Dans le même temps, notre indépendance ou souveraineté alimentaire devient un enjeu politico-stratégique majeur avec le double enjeu du changement climatique et de la sécurité mondiale, pouvant amener à des crises alimentaires, lorsque nous dépendons excessivement d’importations ou d’acteurs extérieurs, dans un paysage complexe et interconnecté.

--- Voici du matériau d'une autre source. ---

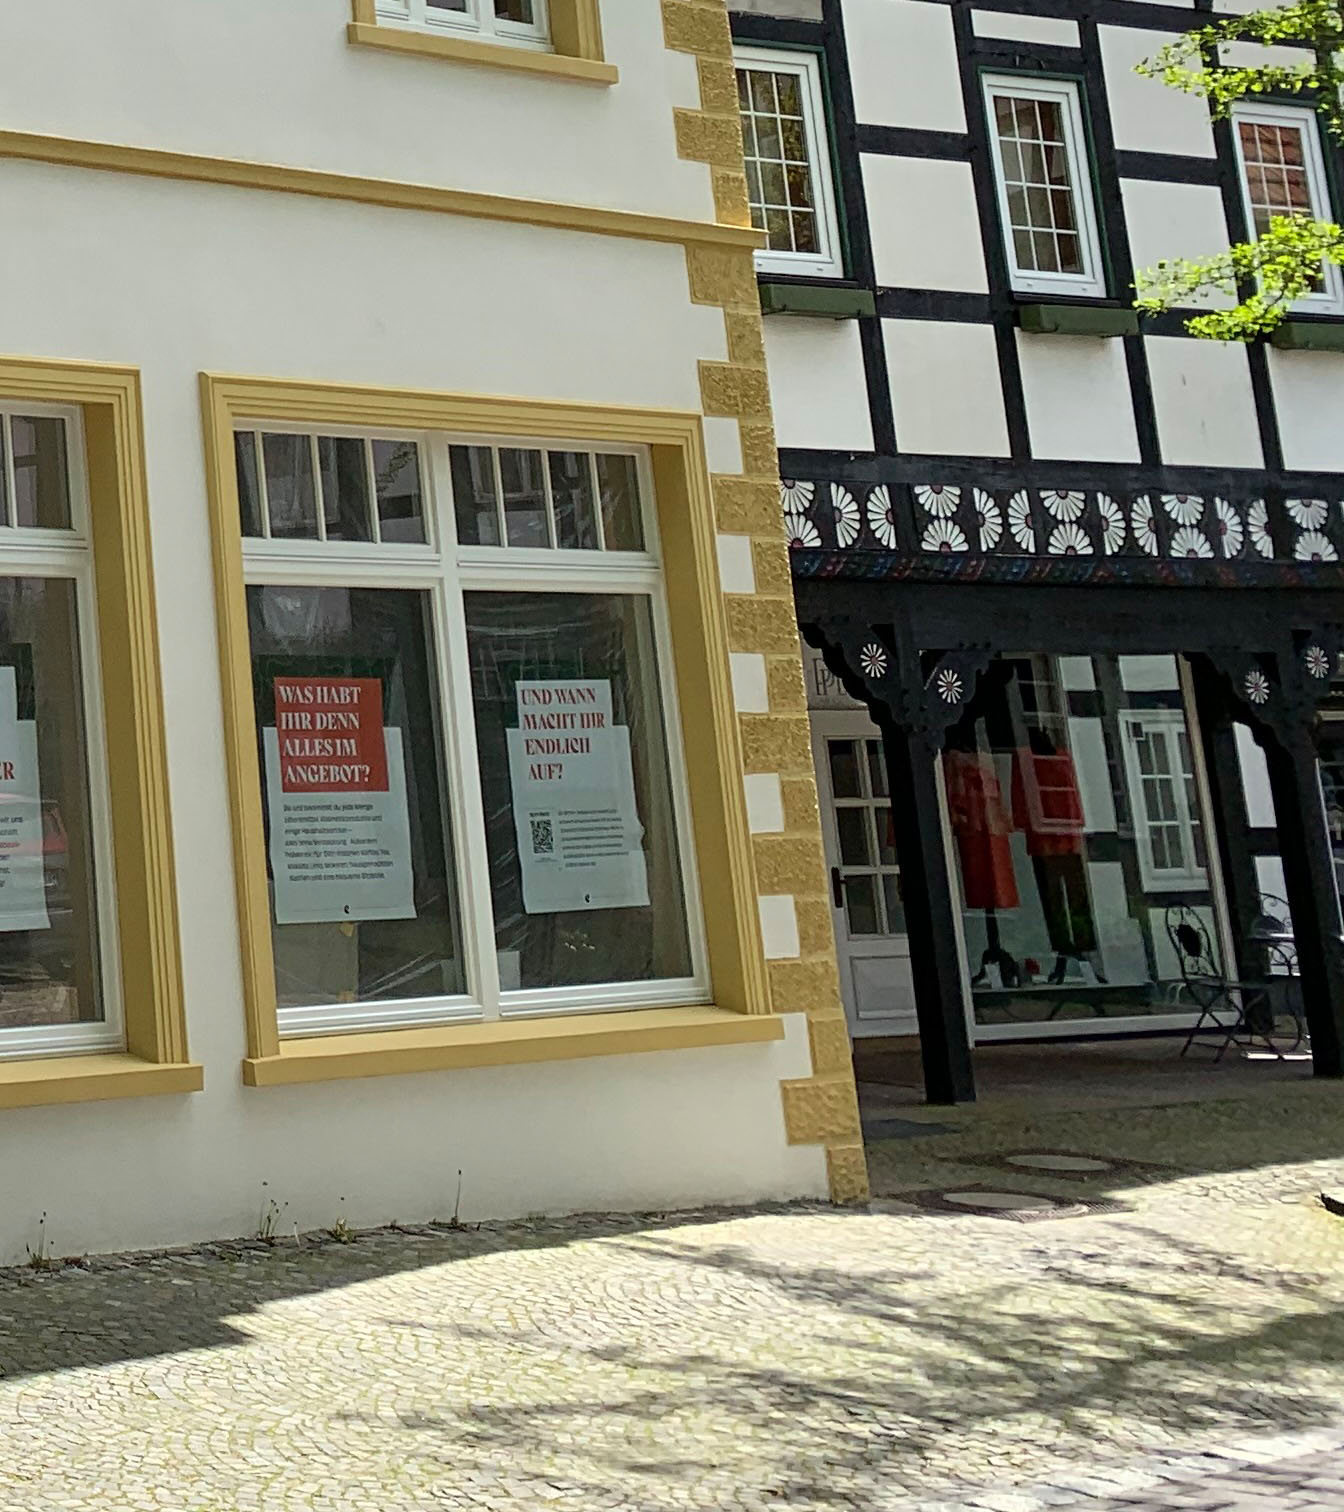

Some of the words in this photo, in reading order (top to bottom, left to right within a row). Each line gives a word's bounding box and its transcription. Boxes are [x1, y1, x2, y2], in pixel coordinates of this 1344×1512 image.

[279, 685, 314, 704] WAS
[315, 686, 362, 704] HABT
[520, 688, 552, 705] UND
[554, 687, 596, 705] WANN
[280, 712, 313, 730] IHR
[315, 711, 360, 730] DENN
[523, 712, 577, 730] MACHT
[579, 712, 606, 729] IHR
[282, 738, 334, 757] ALLES
[335, 738, 358, 757] IM
[525, 737, 591, 755] ENDLICH
[285, 764, 371, 783] ANGEBOT?
[528, 763, 563, 781] AUF?

À titre d’exemple, en faisant un focus sur l’autonomie alimentaire des principales aires urbaines de France :
En moyenne, dans les 100 premières aires urbaines françaises 98% du contenu des aliments consommés localement sont importés, tandis que 97% de l’agriculture locale finit dans des produits alimentaires consommés à l’extérieur de l’aire urbaine,
L’aire urbaine d’Avignon, 1ère du classement, a une autonomie alimentaire de 8,1%. Valence, Nantes, Angers, St-Brieuc et Brest suivent derrière avec un score allant de 6% à 6,5%. Thionville, Compiègne, Creil et Forbach sont à l’inverse en queue de classement avec une auto-suffisance alimentaire à un taux inférieur à 0,2%.

étude 2017 “Autonomie alimentaire des villes”, Cabinet Utopies

Enfin, notre modèle agricole d’aujourd’hui, créé au lendemain de la seconde guerre mondiale, pour nourrir en masse la population, était certes efficace à ce moment là, mais il met aujourd’hui à bout de souffle et à genoux nos sols, la faune et flore de nos campagnes, nos aliments et ceux qui nous nourrissent

Mais une alimentation durable n’a pas non plus pour objectif de nous pousser dans un extrémisme de l’alimentation parfaite où la réponse serait binaire avec une seule voie lumineuse et le reste néfaste.

Pour une efficience globale, il est important de réévaluer ses points de vues, remettre en question ses habitudes, tout en acceptant les différences et en évitant l’analyse dogmatique qui évacue toute autre piste.

Il y a certes un idéal avec un score parfait, mais les pistes sont plurielles, peuvent s’entrecroiser, se côtoyer, êtres complémentaires et se doivent d’êtres diverses pour répondre à une variété de besoins, de rythmes et d’envies à un instant T, dans l’objectif d’être inclusive et empathique envers toutes et tous.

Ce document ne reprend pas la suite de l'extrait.